A hostile reviewer once criticized Morris for describing "a state of things which does not exist, and propos[ing], as a cure for it, a state of things which could not possibly exist." (2) For many late-Victorian readers, Morris's prose romances offered abundant proof of this assertion, for they seemed to be merely the literary accompaniment to a Gothic Revival that could not put down roots in the nineteenth century. A smaller number of admirers hoped that Morris's romances would teach people how to live aesthetically in a world from which beauty had all but vanished.

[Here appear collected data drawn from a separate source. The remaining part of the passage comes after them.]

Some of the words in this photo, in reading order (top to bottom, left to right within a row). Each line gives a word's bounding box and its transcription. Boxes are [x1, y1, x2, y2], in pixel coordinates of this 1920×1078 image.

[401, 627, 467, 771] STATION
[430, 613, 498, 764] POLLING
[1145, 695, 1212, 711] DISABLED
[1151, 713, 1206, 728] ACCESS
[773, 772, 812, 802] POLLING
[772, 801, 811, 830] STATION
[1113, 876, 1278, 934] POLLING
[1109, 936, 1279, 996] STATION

Two now-familiar arguments followed from these contemporary responses: the romances represent a turning away from practical considerations of social and aesthetic reform, embodying an increasingly decadent and decorative conception of art for art's sake; or, the romances have "internalized" socialism and are therefore continuous with Morris's political commitment rather than a deviation from it. (3) Instead of rehearsing the claims on either side of this debate, I want to take a step backward and consider the quality and aims of Morris's literary project in the late romances, in particular his relationship to the period's aestheticism. The turn to romance is unequivocally a turn to aestheticism, an acceptance of its terms for the conduct of life, which, indeed, he was instrumental in creating; however, Morris adopts the romance form not in order to escape from the world, but rather to reform it from within an ethos of absolute idealism.

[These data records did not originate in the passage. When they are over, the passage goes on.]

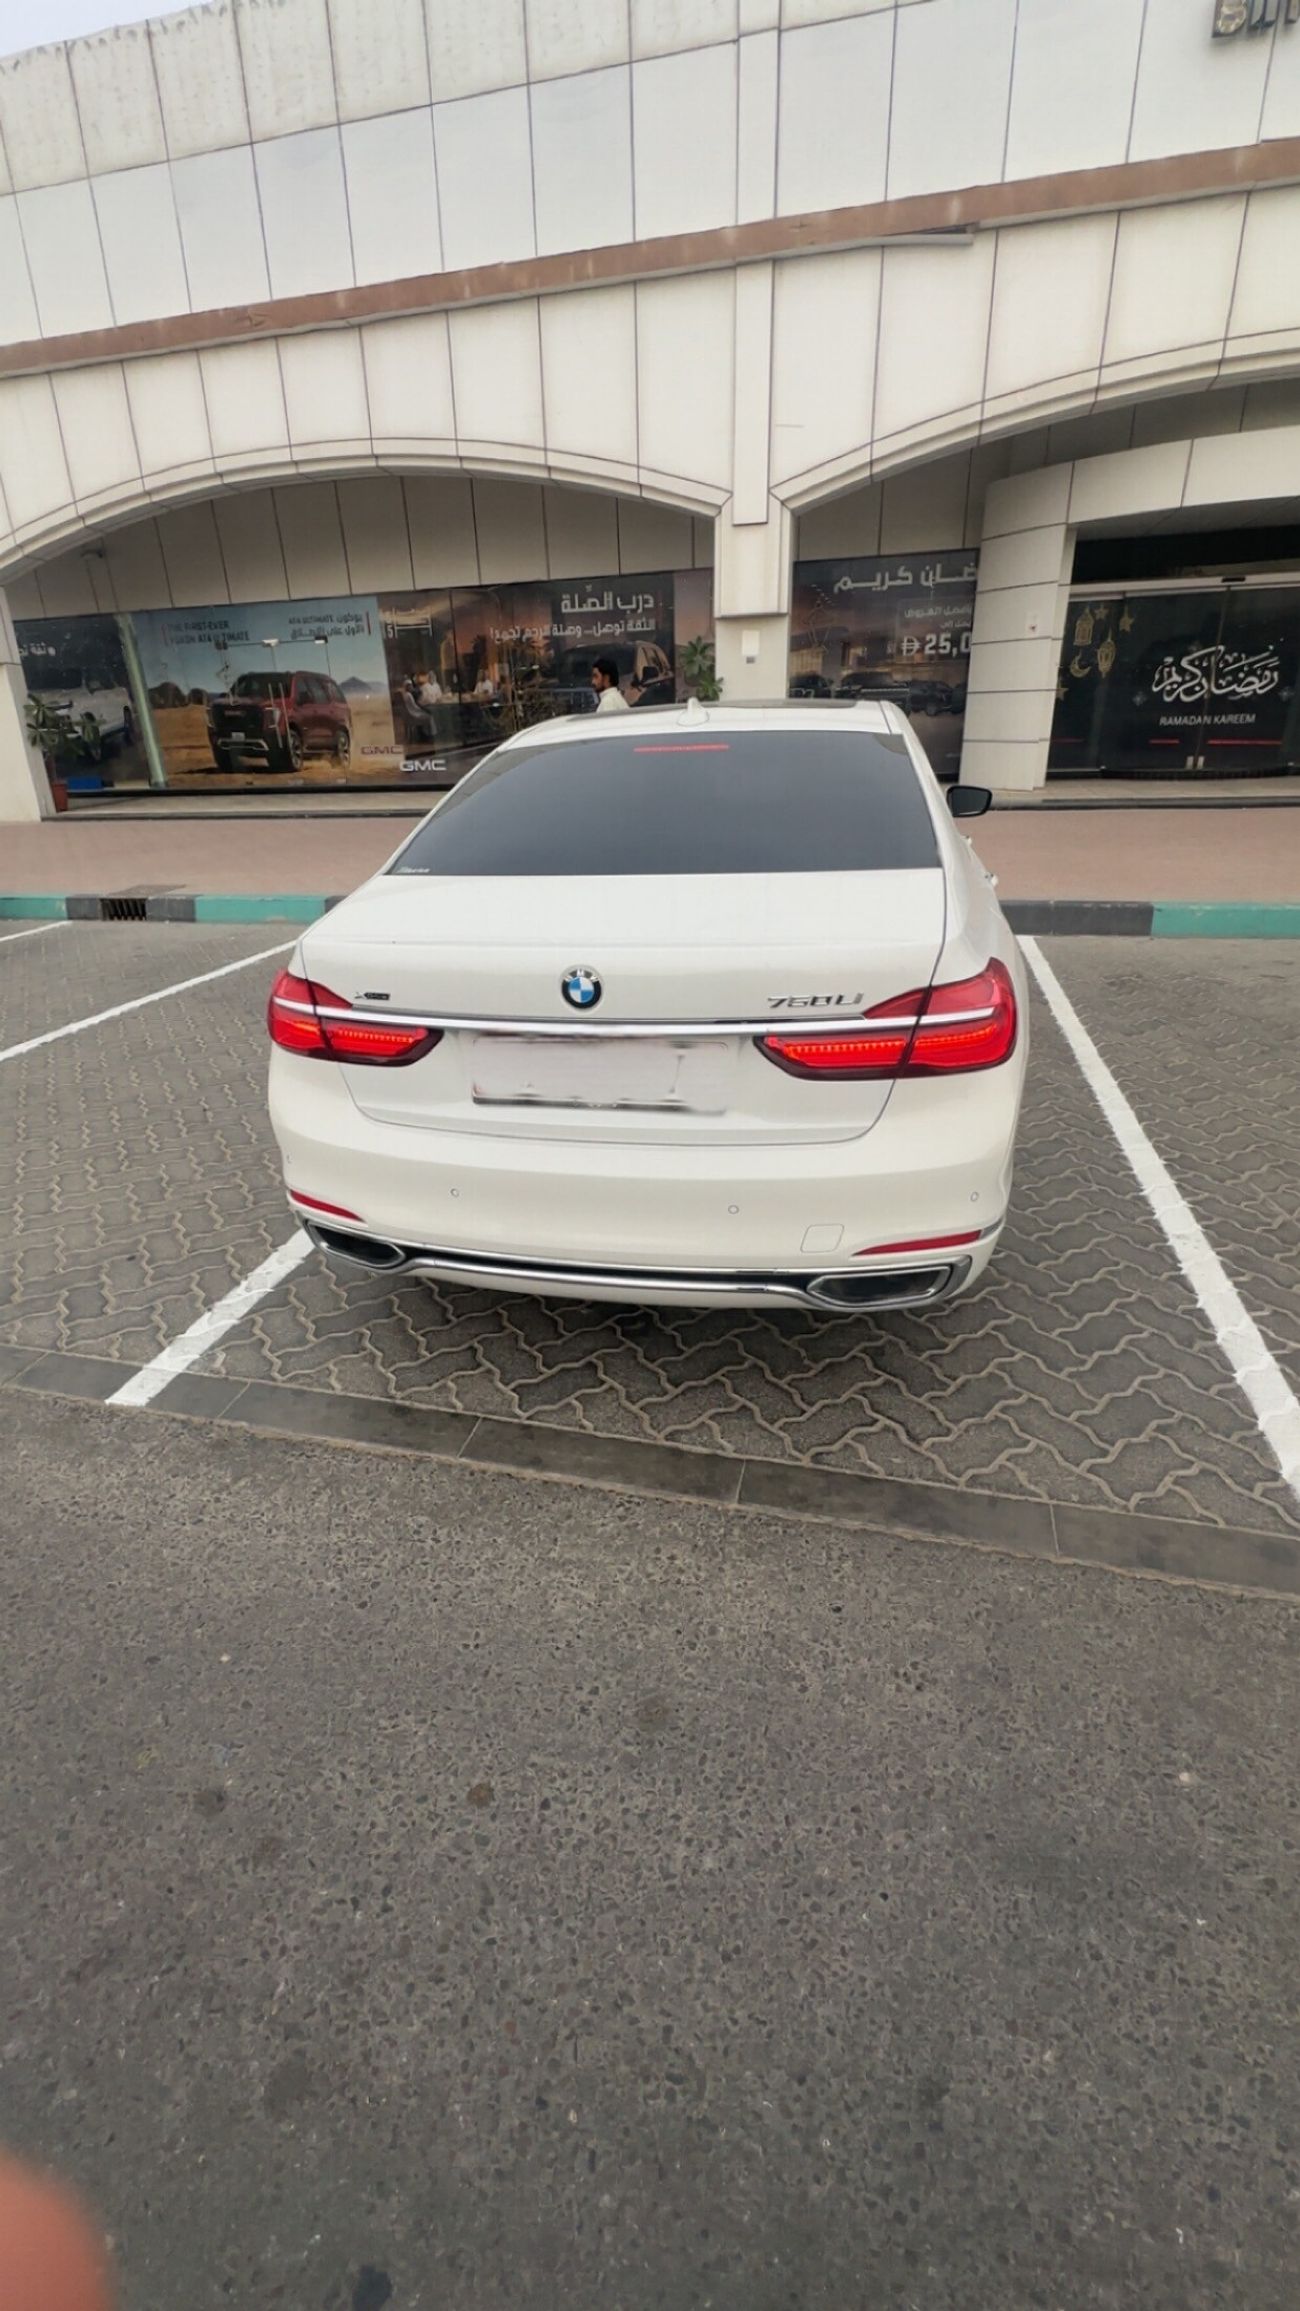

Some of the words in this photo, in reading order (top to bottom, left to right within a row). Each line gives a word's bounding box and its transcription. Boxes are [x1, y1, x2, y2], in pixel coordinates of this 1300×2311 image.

[834, 566, 913, 594] كريم
[617, 593, 655, 614] درب
[1160, 715, 1212, 726] RAMADAN
[1213, 713, 1257, 725] KAREEM
[360, 746, 403, 755] GMC
[400, 760, 447, 772] GMC

While Morris's earlier political utopias certainly contained elements of romance, and depended on the waking dreams of characters who were guests in the past or future, the romances of the 1890s turn away from what was a practical aesthetic toward a mode of storytelling that seems frequently escapist, nostalgic, or even Decadent. He eschews the socialist aesthetics of A Dream of John Ball and News from Nowhere and even the historicism of the Germanic romances The House of the Wolfings and The Roots of the Mountains in favor of an older mode of romancing, one which describes an inward condition whose translatability into objective reality depends on subjective desire and will. As Northrop Frye wrote, true romances radiate "a glow of subjective intensity"; or, as one contemporary critic put it, one cannot read a Morris romance unless he too burns with desire. (4) In the late romances, Morris continually prioritizes active over passive looking, for his heroes and his readers. Social transformation now depends on inner sight, visionary dreaming, rather than on the givens of the external world. In Gagnier's terms, however, this is precisely the foundation of practical aesthetics, a self-determining subjectivity, and the sole means of escape from internalized state power.
In a curiously oblique approach to finding Morris's place within the aesthetic movement, Norman Kelvin counted up the number of citations the major writers of the period received from their near contemporary, Holbrook Jackson, in The Eighteen Nineties (1913). Morris was in third place, after Oscar Wilde and Aubrey Beardsley, and tied with the Yellow Book and Max Beerbohm. For most students of the period, these four other names might stand as the representative figures of the decade, while William Morris is more likely to be grouped with older Victorian reformers such as Carlyle and Ruskin. (5) One of a centenary collection of essays published in Victorian Poetry, Kelvin's brief article is important, because he forces us to reconsider Morris-the-social-reformer's relationship to one of the central tenets of aestheticism the autonomy of art. (6) For Kelvin, and certainly for Morris, art for art's sake is "problematic," residing uneasily with the socialist's commitment to making life beautiful for everyone and to transforming alienated laborers into contented craftsmen. If, as Kelvin suggests, we situate Morris's work synchronously with the other writers and artists responsible for shaping the decade, (7) then the six late romances, which represent a prodigious amount of writing in the last five or six years of his life, look more like the vigorous response of a still great artist to the mood of his times, rather than the nostalgic reaction of an old man at war with the future.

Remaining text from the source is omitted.